» TASK OBJECTIVE
The records below must be output exactly, without pictures.

» INFORMATION SHOWN
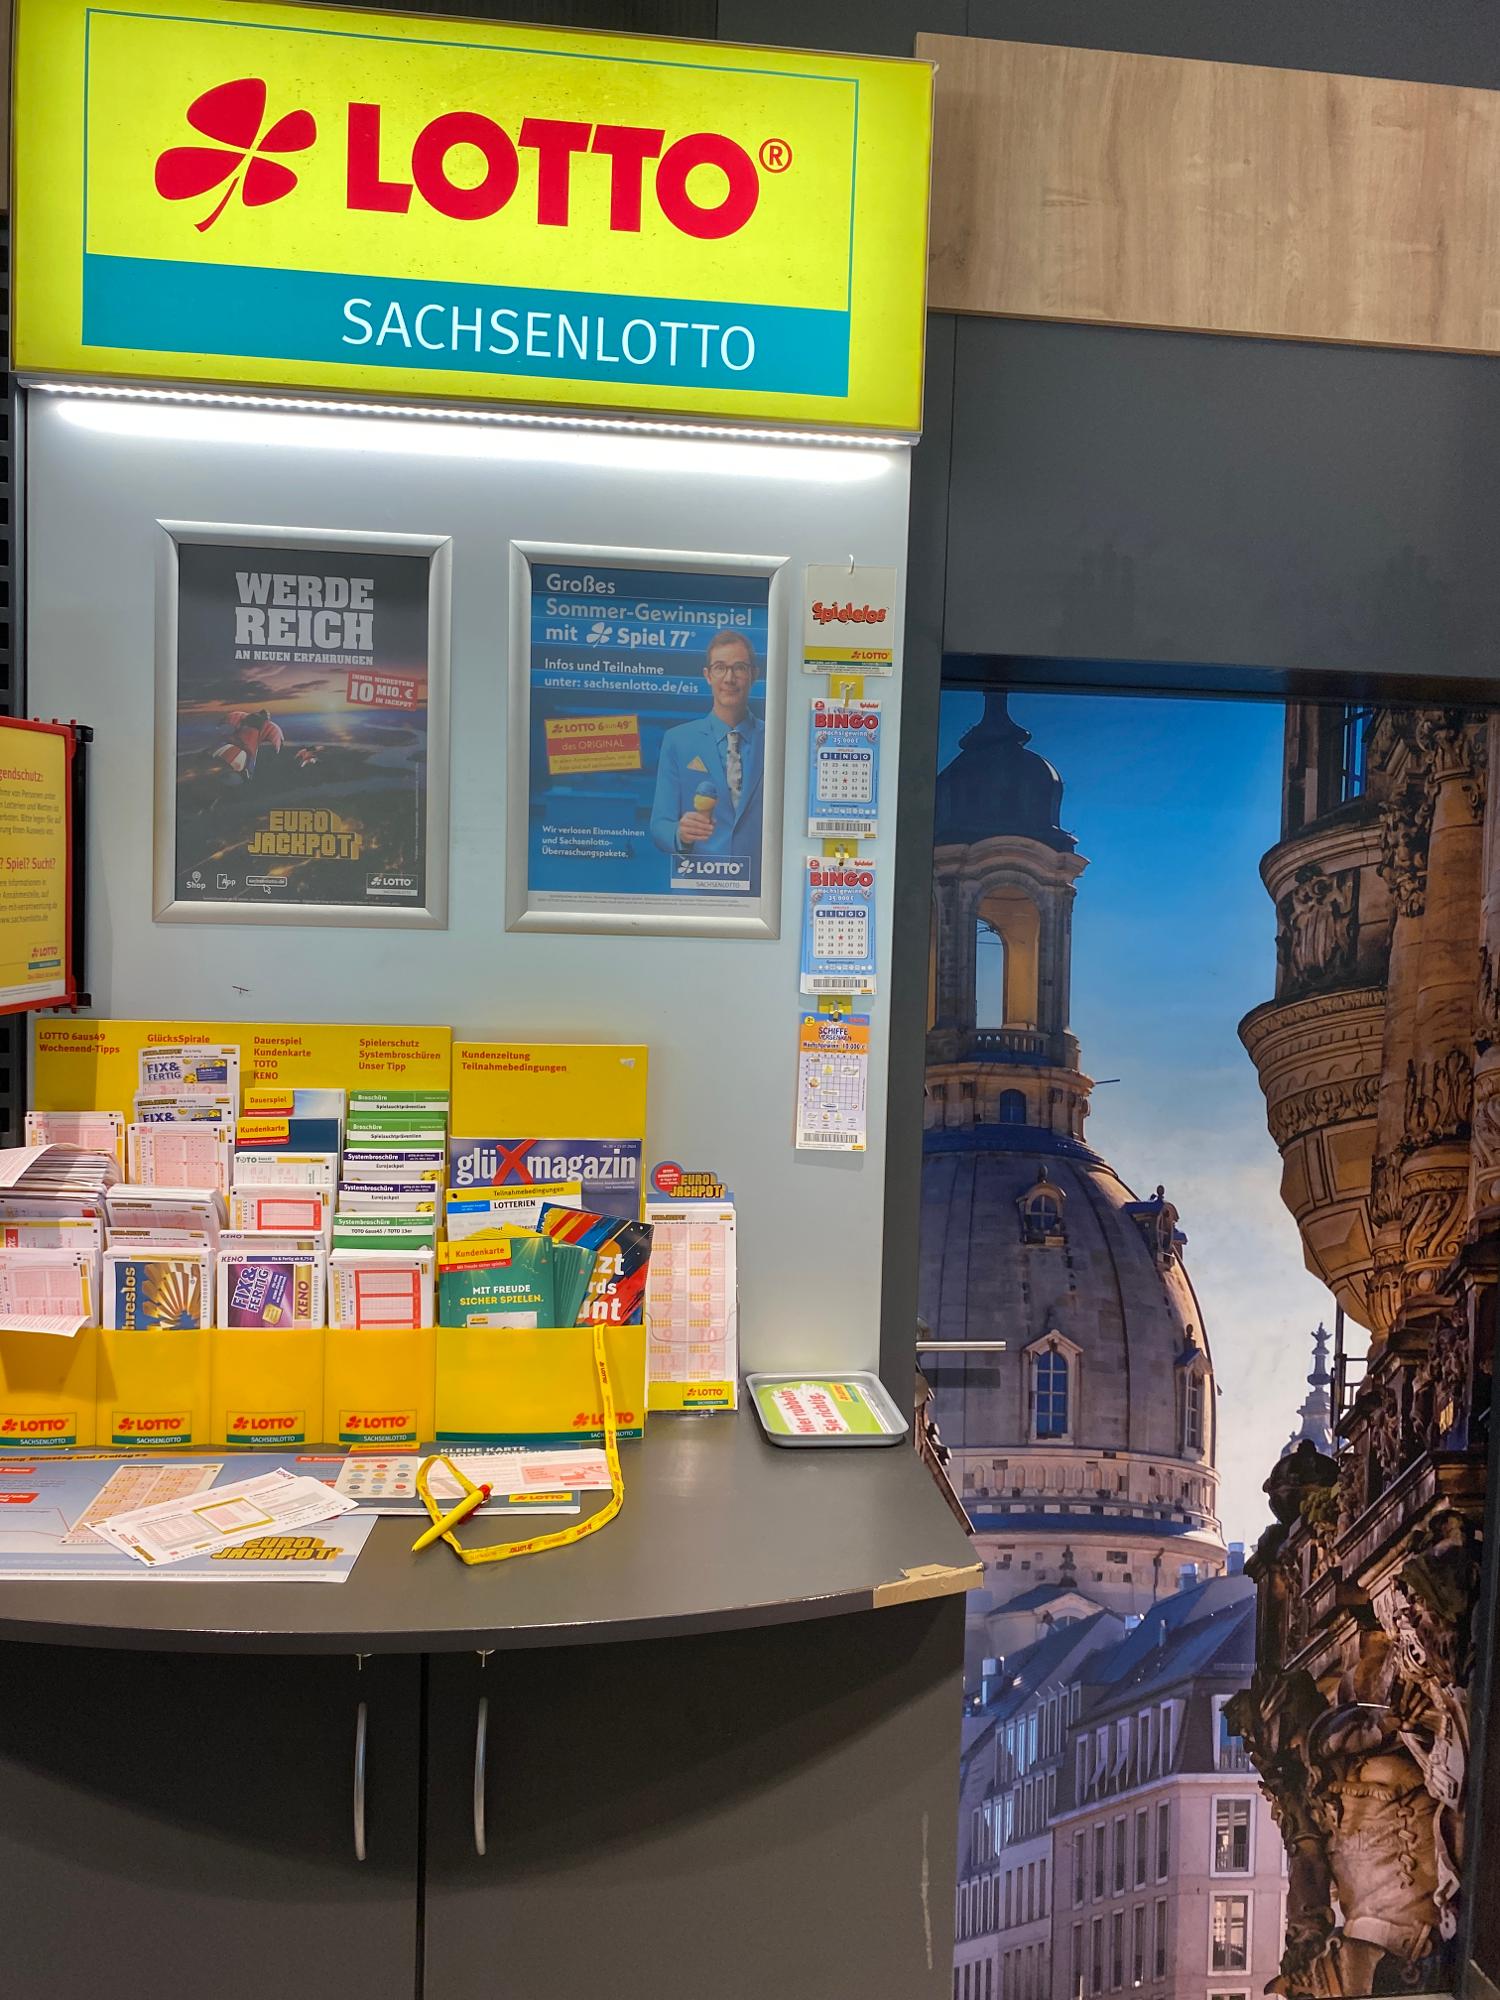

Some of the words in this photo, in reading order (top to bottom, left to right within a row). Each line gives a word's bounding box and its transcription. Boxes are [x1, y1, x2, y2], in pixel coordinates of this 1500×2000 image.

[342, 298, 757, 372] SACHSENLOTTO
[545, 573, 616, 595] Großes
[235, 572, 375, 611] WERDE
[545, 597, 753, 628] Sommer-Gewinnspiel
[234, 606, 375, 651] REICH
[545, 624, 578, 642] mit
[616, 626, 667, 650] Spiel
[234, 650, 252, 661] AN
[253, 650, 292, 663] NEUEN
[293, 652, 374, 666] ERFAHRUNGEN
[862, 652, 888, 660] LOTTO
[544, 658, 575, 672] Infos
[576, 660, 600, 673] und
[602, 659, 664, 675] Teilnahme
[351, 681, 374, 702] 10
[544, 676, 581, 689] unter:
[582, 677, 699, 695] sachsenlotto.de/eis
[815, 712, 879, 730] BINGO
[564, 722, 596, 733] LOTTO
[578, 738, 625, 750] ORIGINAL
[269, 809, 335, 834] EURO
[541, 825, 557, 833] Wir
[558, 825, 592, 835] verlosen
[592, 827, 645, 837] Eismaschinen
[247, 832, 359, 860] JACKPOT
[541, 836, 558, 845] und
[6, 856, 30, 873] Spiel?
[32, 857, 57, 870] Sucht?
[695, 860, 740, 876] LOTTO
[186, 881, 206, 891] Shop
[221, 877, 236, 887] App
[383, 877, 411, 887] LOTTO
[809, 871, 874, 887] BINGO
[39, 1031, 70, 1042] LOTTO
[71, 1032, 106, 1042] 6aus49
[818, 1027, 848, 1036] SCHIFFE
[147, 1033, 211, 1045] GlücksSpirale
[253, 1035, 303, 1047] Dauerspiel
[359, 1038, 420, 1050] Spielerschutz
[39, 1044, 121, 1055] Wochenend-Tipps
[253, 1047, 312, 1058] Kundenkarte
[358, 1049, 442, 1061] Systembroschüren
[461, 1050, 531, 1062] Kundenzeitung
[253, 1059, 279, 1069] TOTO
[358, 1062, 385, 1071] Unser
[386, 1062, 407, 1073] Tipp
[461, 1062, 568, 1074] Teilnahmebedingungen
[148, 1072, 183, 1082] FERTIG
[252, 1070, 279, 1080] KENO
[249, 1095, 288, 1105] Dauerspiel
[239, 1123, 286, 1134] Kundenkarte
[235, 1156, 257, 1164] TOTO
[347, 1153, 399, 1161] Systembroschüre
[681, 1174, 715, 1186] EURO
[343, 1184, 394, 1192] Systembroschüre
[493, 1186, 565, 1197] Teilnahmebedingungen
[669, 1184, 724, 1198] JACKPOT
[493, 1200, 536, 1209] LOTTERIEN
[338, 1218, 391, 1226] Systembroschüre
[455, 1246, 505, 1258] Kundenkarte
[220, 1255, 244, 1263] KENO
[248, 1268, 270, 1312] FERTIG
[472, 1286, 492, 1295] MIT
[493, 1285, 531, 1294] FREUDE
[298, 1280, 309, 1317] KENO
[460, 1296, 499, 1306] SICHER
[500, 1295, 544, 1305] SPIELEN.
[697, 1388, 723, 1396] LOTTO
[780, 1390, 804, 1416] rubbeln
[136, 1418, 182, 1431] LOTTO
[251, 1417, 295, 1430] LOTTO
[364, 1416, 407, 1429] LOTTO
[591, 1411, 634, 1426] LOTO
[20, 1419, 66, 1432] LOTTO
[824, 1418, 843, 1433] Sie
[20, 1438, 66, 1446] SACHSENLOTTO
[136, 1436, 182, 1444] SACHSENLOTTO
[251, 1435, 296, 1443] SACHSENLOTTO
[364, 1434, 407, 1442] SACHSENLOTTO
[211, 1548, 343, 1561] JACKPOT

» EXPECTED OUTPUT
Some of the words in this photo, in reading order (top to bottom, left to right within a row). Each line gives a word's bounding box and its transcription. Boxes are [x1, y1, x2, y2], in pixel coordinates of this 1500×2000 image.

[342, 298, 757, 372] SACHSENLOTTO
[545, 573, 616, 595] Großes
[235, 572, 375, 611] WERDE
[545, 597, 753, 628] Sommer-Gewinnspiel
[234, 606, 375, 651] REICH
[545, 624, 578, 642] mit
[616, 626, 667, 650] Spiel
[234, 650, 252, 661] AN
[253, 650, 292, 663] NEUEN
[293, 652, 374, 666] ERFAHRUNGEN
[862, 652, 888, 660] LOTTO
[544, 658, 575, 672] Infos
[576, 660, 600, 673] und
[602, 659, 664, 675] Teilnahme
[351, 681, 374, 702] 10
[544, 676, 581, 689] unter:
[582, 677, 699, 695] sachsenlotto.de/eis
[815, 712, 879, 730] BINGO
[564, 722, 596, 733] LOTTO
[578, 738, 625, 750] ORIGINAL
[269, 809, 335, 834] EURO
[541, 825, 557, 833] Wir
[558, 825, 592, 835] verlosen
[592, 827, 645, 837] Eismaschinen
[247, 832, 359, 860] JACKPOT
[541, 836, 558, 845] und
[6, 856, 30, 873] Spiel?
[32, 857, 57, 870] Sucht?
[695, 860, 740, 876] LOTTO
[186, 881, 206, 891] Shop
[221, 877, 236, 887] App
[383, 877, 411, 887] LOTTO
[809, 871, 874, 887] BINGO
[39, 1031, 70, 1042] LOTTO
[71, 1032, 106, 1042] 6aus49
[818, 1027, 848, 1036] SCHIFFE
[147, 1033, 211, 1045] GlücksSpirale
[253, 1035, 303, 1047] Dauerspiel
[359, 1038, 420, 1050] Spielerschutz
[39, 1044, 121, 1055] Wochenend-Tipps
[253, 1047, 312, 1058] Kundenkarte
[358, 1049, 442, 1061] Systembroschüren
[461, 1050, 531, 1062] Kundenzeitung
[253, 1059, 279, 1069] TOTO
[358, 1062, 385, 1071] Unser
[386, 1062, 407, 1073] Tipp
[461, 1062, 568, 1074] Teilnahmebedingungen
[148, 1072, 183, 1082] FERTIG
[252, 1070, 279, 1080] KENO
[249, 1095, 288, 1105] Dauerspiel
[239, 1123, 286, 1134] Kundenkarte
[235, 1156, 257, 1164] TOTO
[347, 1153, 399, 1161] Systembroschüre
[681, 1174, 715, 1186] EURO
[343, 1184, 394, 1192] Systembroschüre
[493, 1186, 565, 1197] Teilnahmebedingungen
[669, 1184, 724, 1198] JACKPOT
[493, 1200, 536, 1209] LOTTERIEN
[338, 1218, 391, 1226] Systembroschüre
[455, 1246, 505, 1258] Kundenkarte
[220, 1255, 244, 1263] KENO
[248, 1268, 270, 1312] FERTIG
[472, 1286, 492, 1295] MIT
[493, 1285, 531, 1294] FREUDE
[298, 1280, 309, 1317] KENO
[460, 1296, 499, 1306] SICHER
[500, 1295, 544, 1305] SPIELEN.
[697, 1388, 723, 1396] LOTTO
[780, 1390, 804, 1416] rubbeln
[136, 1418, 182, 1431] LOTTO
[251, 1417, 295, 1430] LOTTO
[364, 1416, 407, 1429] LOTTO
[591, 1411, 634, 1426] LOTO
[20, 1419, 66, 1432] LOTTO
[824, 1418, 843, 1433] Sie
[20, 1438, 66, 1446] SACHSENLOTTO
[136, 1436, 182, 1444] SACHSENLOTTO
[251, 1435, 296, 1443] SACHSENLOTTO
[364, 1434, 407, 1442] SACHSENLOTTO
[211, 1548, 343, 1561] JACKPOT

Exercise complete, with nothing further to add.